*The task:* Your answer is the line containing "this 2000×1125 image." plus every line after it to the end of the data below, transcribed exactly and with nothing else.

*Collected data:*
________________
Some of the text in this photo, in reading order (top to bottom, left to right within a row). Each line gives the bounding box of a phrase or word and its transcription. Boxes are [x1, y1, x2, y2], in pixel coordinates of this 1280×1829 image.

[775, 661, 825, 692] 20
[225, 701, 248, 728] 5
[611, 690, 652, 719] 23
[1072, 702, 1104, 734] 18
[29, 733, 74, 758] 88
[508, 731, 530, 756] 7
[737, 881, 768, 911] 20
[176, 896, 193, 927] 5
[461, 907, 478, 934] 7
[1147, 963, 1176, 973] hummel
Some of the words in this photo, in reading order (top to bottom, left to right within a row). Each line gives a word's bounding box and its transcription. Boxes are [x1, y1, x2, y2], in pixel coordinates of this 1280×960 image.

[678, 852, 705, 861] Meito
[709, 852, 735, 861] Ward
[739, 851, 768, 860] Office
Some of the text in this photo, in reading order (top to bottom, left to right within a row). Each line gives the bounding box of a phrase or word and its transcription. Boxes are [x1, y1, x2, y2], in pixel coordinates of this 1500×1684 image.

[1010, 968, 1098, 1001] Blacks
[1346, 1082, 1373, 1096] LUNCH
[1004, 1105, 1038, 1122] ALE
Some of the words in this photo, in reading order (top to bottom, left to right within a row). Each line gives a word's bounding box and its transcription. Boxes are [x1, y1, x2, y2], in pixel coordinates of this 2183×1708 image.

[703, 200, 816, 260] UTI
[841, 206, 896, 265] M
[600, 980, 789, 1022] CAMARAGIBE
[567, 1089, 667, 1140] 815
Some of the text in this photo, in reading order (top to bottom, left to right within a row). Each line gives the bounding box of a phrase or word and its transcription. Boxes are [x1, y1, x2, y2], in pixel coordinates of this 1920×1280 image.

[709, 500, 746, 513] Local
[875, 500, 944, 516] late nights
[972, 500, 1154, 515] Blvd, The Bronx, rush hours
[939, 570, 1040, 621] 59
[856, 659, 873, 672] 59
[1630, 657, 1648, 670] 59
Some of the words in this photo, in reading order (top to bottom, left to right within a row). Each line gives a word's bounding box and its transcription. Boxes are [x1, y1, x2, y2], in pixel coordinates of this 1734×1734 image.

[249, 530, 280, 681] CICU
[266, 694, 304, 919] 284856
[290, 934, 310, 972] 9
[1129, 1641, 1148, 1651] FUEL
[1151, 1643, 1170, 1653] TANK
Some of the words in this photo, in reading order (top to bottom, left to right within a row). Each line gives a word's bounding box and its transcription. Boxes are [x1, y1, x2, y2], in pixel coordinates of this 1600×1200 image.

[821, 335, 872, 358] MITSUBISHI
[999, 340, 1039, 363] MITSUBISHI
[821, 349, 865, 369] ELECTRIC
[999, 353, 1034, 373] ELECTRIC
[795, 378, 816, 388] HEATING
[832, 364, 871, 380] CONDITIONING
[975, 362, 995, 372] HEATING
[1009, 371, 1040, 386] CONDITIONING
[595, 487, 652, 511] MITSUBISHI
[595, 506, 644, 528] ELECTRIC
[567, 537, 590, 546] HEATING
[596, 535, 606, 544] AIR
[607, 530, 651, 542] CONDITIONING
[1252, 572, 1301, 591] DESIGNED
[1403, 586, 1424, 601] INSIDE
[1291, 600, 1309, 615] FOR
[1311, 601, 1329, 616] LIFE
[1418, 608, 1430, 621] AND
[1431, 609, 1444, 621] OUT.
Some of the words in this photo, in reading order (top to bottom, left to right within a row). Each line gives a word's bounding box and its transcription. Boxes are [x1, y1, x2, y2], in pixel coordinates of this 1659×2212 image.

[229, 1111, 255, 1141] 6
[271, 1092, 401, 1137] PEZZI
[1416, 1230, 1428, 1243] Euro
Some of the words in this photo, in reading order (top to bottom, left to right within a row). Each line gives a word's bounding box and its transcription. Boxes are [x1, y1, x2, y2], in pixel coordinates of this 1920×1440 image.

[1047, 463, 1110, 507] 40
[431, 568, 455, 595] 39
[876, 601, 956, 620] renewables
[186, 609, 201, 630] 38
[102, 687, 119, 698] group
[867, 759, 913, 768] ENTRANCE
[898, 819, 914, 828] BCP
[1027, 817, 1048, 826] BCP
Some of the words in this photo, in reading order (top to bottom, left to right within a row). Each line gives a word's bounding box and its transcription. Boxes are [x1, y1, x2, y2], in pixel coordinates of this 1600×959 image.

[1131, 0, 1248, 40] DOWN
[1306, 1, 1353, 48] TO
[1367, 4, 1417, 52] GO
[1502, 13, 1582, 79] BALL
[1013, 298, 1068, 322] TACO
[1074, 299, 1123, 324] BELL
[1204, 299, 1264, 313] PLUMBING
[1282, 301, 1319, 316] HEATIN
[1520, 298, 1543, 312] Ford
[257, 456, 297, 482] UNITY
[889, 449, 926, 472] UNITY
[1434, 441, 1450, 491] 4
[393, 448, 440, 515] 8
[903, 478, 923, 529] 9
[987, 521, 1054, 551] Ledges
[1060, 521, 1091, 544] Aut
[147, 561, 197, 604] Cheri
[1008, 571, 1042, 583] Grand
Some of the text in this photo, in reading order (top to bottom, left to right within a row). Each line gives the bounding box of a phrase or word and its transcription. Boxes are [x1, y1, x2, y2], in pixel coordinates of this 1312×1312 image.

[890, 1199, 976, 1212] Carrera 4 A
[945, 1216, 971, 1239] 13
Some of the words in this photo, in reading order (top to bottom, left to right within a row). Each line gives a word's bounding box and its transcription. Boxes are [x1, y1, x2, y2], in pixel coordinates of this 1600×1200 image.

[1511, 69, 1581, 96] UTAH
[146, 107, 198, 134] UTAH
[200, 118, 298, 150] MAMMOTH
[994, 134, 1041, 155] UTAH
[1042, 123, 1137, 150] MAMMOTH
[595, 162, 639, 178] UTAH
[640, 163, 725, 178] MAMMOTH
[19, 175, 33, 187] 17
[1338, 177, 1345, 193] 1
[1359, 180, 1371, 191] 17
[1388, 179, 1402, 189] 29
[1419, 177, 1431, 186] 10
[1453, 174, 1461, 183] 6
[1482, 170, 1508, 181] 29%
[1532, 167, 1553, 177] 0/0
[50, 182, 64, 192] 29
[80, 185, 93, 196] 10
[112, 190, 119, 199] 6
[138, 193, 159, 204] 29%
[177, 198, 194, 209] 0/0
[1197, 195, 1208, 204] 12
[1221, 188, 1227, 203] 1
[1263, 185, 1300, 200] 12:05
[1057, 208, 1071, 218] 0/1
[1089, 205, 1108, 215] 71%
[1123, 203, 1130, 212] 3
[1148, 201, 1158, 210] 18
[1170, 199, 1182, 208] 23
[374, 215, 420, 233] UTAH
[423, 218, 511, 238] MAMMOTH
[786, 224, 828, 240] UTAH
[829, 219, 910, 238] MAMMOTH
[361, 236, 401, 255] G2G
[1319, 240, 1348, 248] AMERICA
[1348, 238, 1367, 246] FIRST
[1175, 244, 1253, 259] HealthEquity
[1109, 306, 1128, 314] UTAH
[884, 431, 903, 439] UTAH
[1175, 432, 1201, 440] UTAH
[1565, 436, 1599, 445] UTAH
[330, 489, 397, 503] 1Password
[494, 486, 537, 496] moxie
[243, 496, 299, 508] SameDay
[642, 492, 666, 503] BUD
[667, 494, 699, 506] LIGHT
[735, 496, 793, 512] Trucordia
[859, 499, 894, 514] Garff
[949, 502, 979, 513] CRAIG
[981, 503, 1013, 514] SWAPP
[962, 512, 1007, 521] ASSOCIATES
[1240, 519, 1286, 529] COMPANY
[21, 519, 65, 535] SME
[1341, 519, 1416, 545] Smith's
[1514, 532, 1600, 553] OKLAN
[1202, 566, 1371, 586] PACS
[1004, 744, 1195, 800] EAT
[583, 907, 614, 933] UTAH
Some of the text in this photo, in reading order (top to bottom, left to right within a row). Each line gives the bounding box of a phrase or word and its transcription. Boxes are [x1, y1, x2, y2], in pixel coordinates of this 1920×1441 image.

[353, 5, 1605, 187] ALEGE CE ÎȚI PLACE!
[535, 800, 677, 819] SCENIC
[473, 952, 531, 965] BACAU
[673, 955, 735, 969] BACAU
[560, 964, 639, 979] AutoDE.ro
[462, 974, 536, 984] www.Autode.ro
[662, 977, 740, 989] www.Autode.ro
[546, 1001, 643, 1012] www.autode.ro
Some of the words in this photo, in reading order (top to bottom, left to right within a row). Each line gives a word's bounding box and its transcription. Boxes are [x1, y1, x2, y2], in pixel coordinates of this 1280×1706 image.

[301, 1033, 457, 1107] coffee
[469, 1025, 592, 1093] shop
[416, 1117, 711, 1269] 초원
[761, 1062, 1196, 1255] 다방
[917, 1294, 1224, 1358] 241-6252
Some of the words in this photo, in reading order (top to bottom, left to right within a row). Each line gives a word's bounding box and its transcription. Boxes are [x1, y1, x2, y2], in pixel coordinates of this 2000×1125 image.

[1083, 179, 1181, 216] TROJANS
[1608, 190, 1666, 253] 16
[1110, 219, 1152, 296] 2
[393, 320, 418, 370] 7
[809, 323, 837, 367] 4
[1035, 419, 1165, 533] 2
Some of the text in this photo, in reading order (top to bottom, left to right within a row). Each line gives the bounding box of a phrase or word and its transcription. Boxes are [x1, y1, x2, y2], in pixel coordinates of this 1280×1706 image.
________________
*Solution to this exercise:*
Some of the words in this photo, in reading order (top to bottom, left to right within a row). Each line gives a word's bounding box and its transcription. Boxes are [x1, y1, x2, y2], in pixel coordinates of this 2000×1125 image.

[1083, 179, 1181, 216] TROJANS
[1608, 190, 1666, 253] 16
[1110, 219, 1152, 296] 2
[393, 320, 418, 370] 7
[809, 323, 837, 367] 4
[1035, 419, 1165, 533] 2
Some of the text in this photo, in reading order (top to bottom, left to right within a row). Each line gives the bounding box of a phrase or word and its transcription. Boxes are [x1, y1, x2, y2], in pixel coordinates of this 1280×1706 image.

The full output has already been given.